Hartmut Esser, Prof. Dr., lehrte an der Universität Mannheim Soziologie und Wirtschaftstheorie.

Hartmut Esser, Prof. Dr., lehrte an der Universität Mannheim Soziologie und Wirtschaftstheorie.

1.Bildungsbeteiligung


Sortierung, Übergang und Bildungsbeteiligung sind der Ausgangspunkt für alles Weitere auf dem Bildungsweg und für die Leistungen dann später, von der Vorgeschichte in Familie, Vorschule und Grundschule im Hintergrund ausgehend. Zunächst werden Untersuchungen behandelt, die im Wesentlichen dem Standardansatz gefolgt sind: die Identifikation der Herkunftseffekte ohne weitere Kontrollen der Sortierung (Abschnitt 1.1). Dann kommen Beiträge, die, auf welche Weise und wie unvollständig auch immer, auch andere Bedingungen und Vorgänge bei der Sortierung für die Bestimmung der Systemeffekte mit einbezogen haben (Abschnitt 1.2). Zum Schluss gibt es dann eine Übersicht (Abschnitt 1.3) mit einer komprimierten Zusammenfassung der jeweils verwendeten Konstrukte, der Ergebnisse und ihrer Passung zu den Hypothesen des Modells der Leistungsdifferenzierung.

1.1Standardansatz


Es lassen sich für die Bildungsbeteiligung nach dem Standardansatz drei Bezüge unterscheiden: die frühe international vergleichende soziologische Mobilitätsforschung, die späteren internationalen Vergleichsstudien, insbesondere mit und nach PISA, und regionale Vergleiche, etwa in der Schweiz und in Deutschland. Zuerst nun die frühen soziologischen Untersuchungen, mit denen eigentlich alles begann, auch das, was dann zum Standardansatz geführt hat.

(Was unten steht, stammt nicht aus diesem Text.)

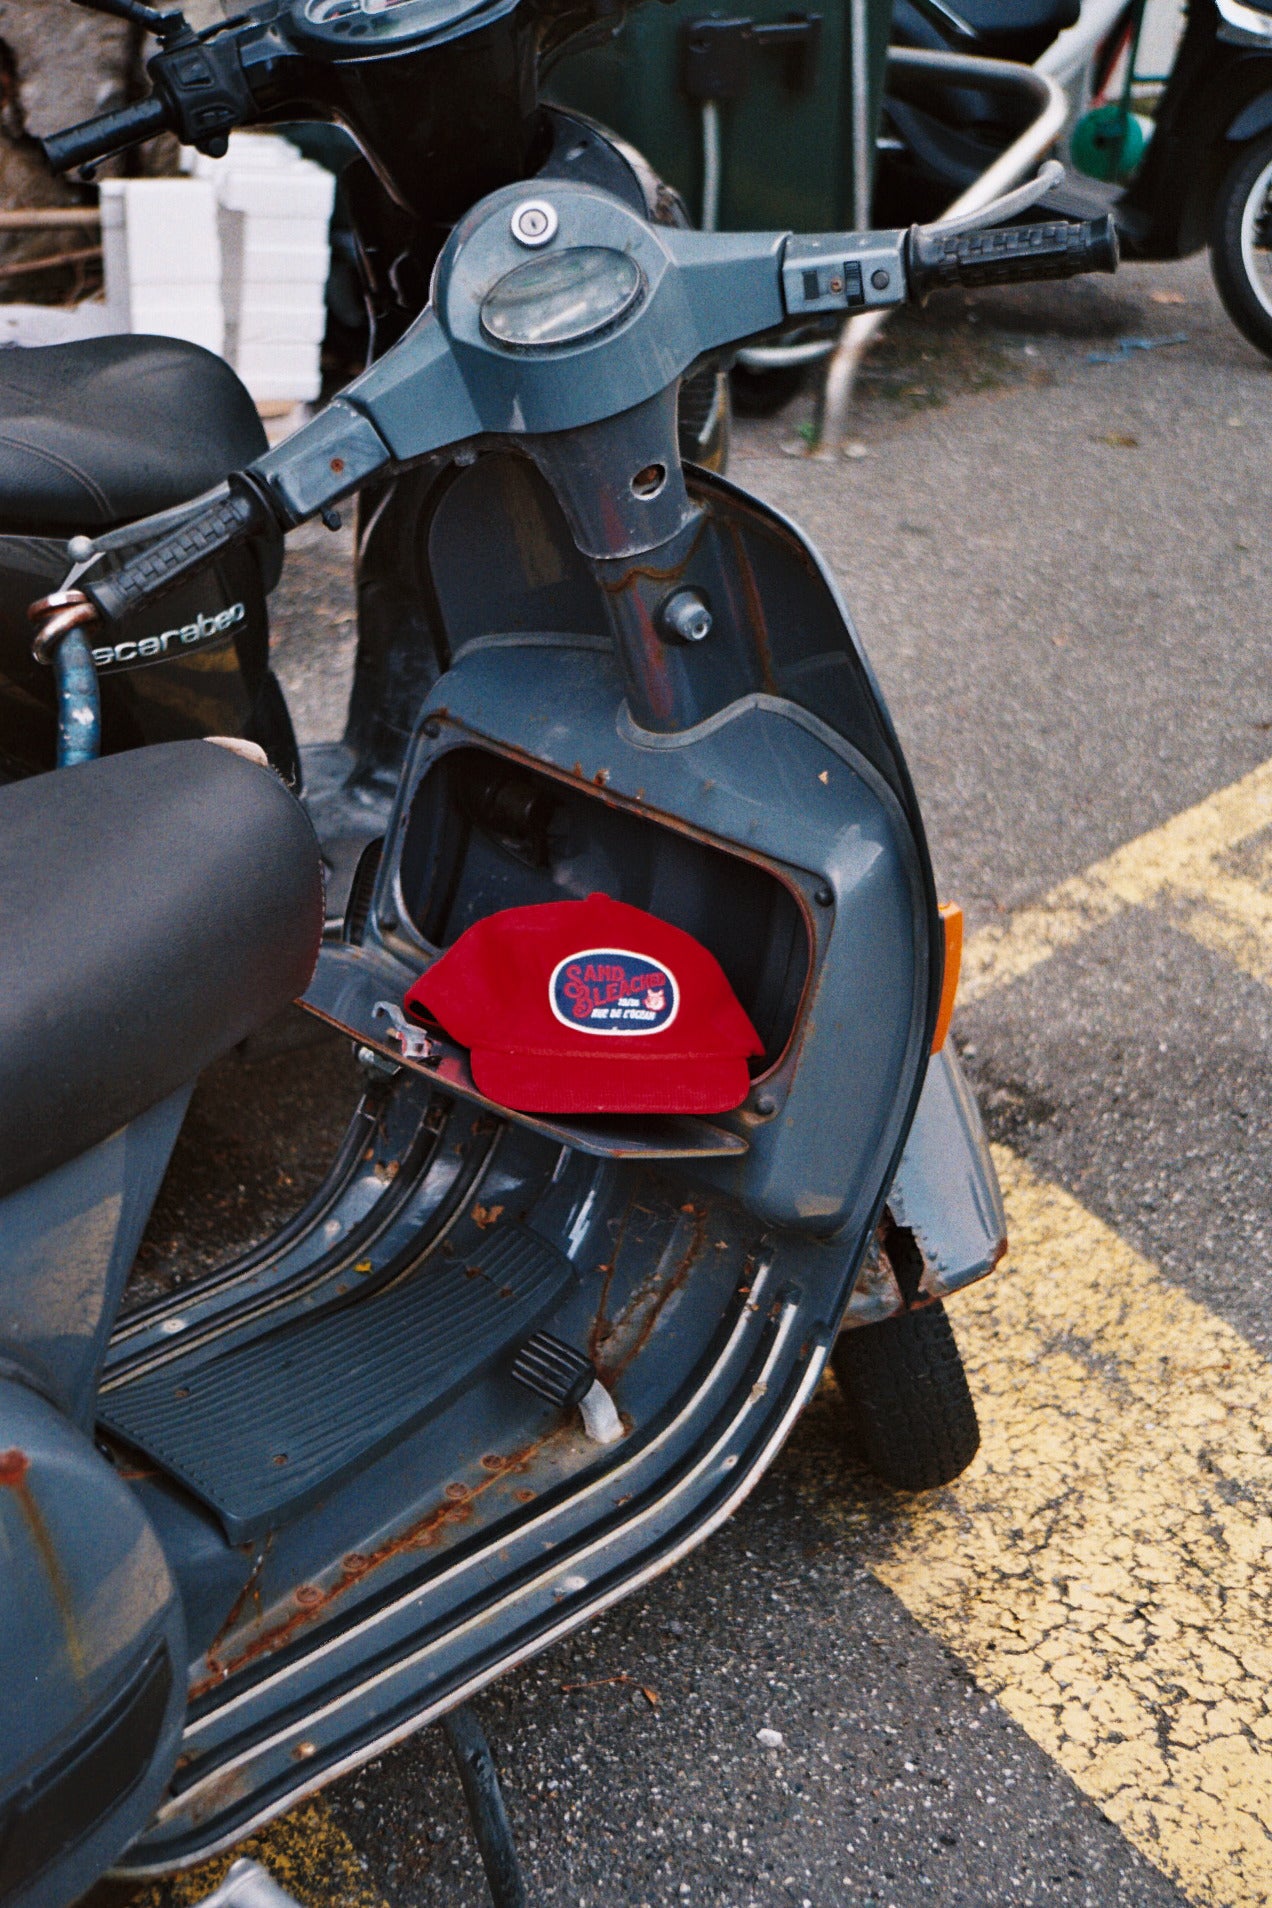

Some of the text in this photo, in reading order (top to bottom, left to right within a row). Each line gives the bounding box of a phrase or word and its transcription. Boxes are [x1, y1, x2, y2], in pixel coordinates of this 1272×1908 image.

[91, 602, 245, 666] scarabeo
[564, 972, 667, 1018] BLEACHED
[565, 964, 626, 987] SAND

Frühe soziologische Mobilitätsforschung

Für die Frage der Verbindung von Bildungsexpansion und institutionellen Regeln, die den Einfluss der sozialen Herkunft begrenzen könnten, boten sich zuerst die skandinavischen Länder als Testfall der allgemeinen Hypothese für die sozial egalisierende Wirkung der Öffnung und der Aufhebung der Differenzierung an: Aufgrund der ausgeprägt wohlfahrtsstaatlichen Tradition einerseits und des konsequent integrierten Bildungssystems andererseits sollte es sich von den anderen (europäischen) Ländern durch eine stärkere soziale Durchlässigkeit in der Bildungsbeteiligung auszeichnen und somit eine Ausnahme vom allgemeinen Befund der eher »Persistent Inequality« bilden wie sich das bei Shavit und Blossfeld (1993) zu zeigen scheint. Die Befunde waren eine der wichtigsten Grundlagen für die Annahme der Standardposition, wonach die Integration ein Weg aus der Falle der sozialen Bildungsungleichheit sein könne (vgl. speziell für Schweden später besonders deutlich: Ratzki 2003). Dem folgten über die Jahre und aktuell anhaltend weitere internationale Vergleichsstudien und Analysen regionaler Unterschiede, die das zu bestätigten schienen. Ihre Gemeinsamkeit ist bis in die neueste Zeit, dass die Effekte, insbesondere jener der sozialen Herkunft, oft ohne Kontrolle der Sortierung und der kognitiven Fähigkeiten bzw. der Leistungen vorher bestimmt und daher wohl mehr oder weniger deutlich überschätzt werden (vgl. dazu Marks 2014, Kapitel 4 und 5). Es beginnt mit gleich mehreren Klassikern, die vieles danach sehr geprägt haben, darunter die Unterscheidung von primären und sekundären Effekten, die Vorstellung, dass bei der Bildungsbeteiligung die Familien eine ganz erhebliche Bedeutung derart haben, dass die Leistungen der Kinder dabei auch in den Hintergrund treten können – und dass es wie zum Beispiel in Schweden mit den geringen Herkunftseffekten und dem Rückgang der Klassenreproduktion nicht so deutlich ist wie oft geglaubt, wenn sich das Bildungssystem öffnet.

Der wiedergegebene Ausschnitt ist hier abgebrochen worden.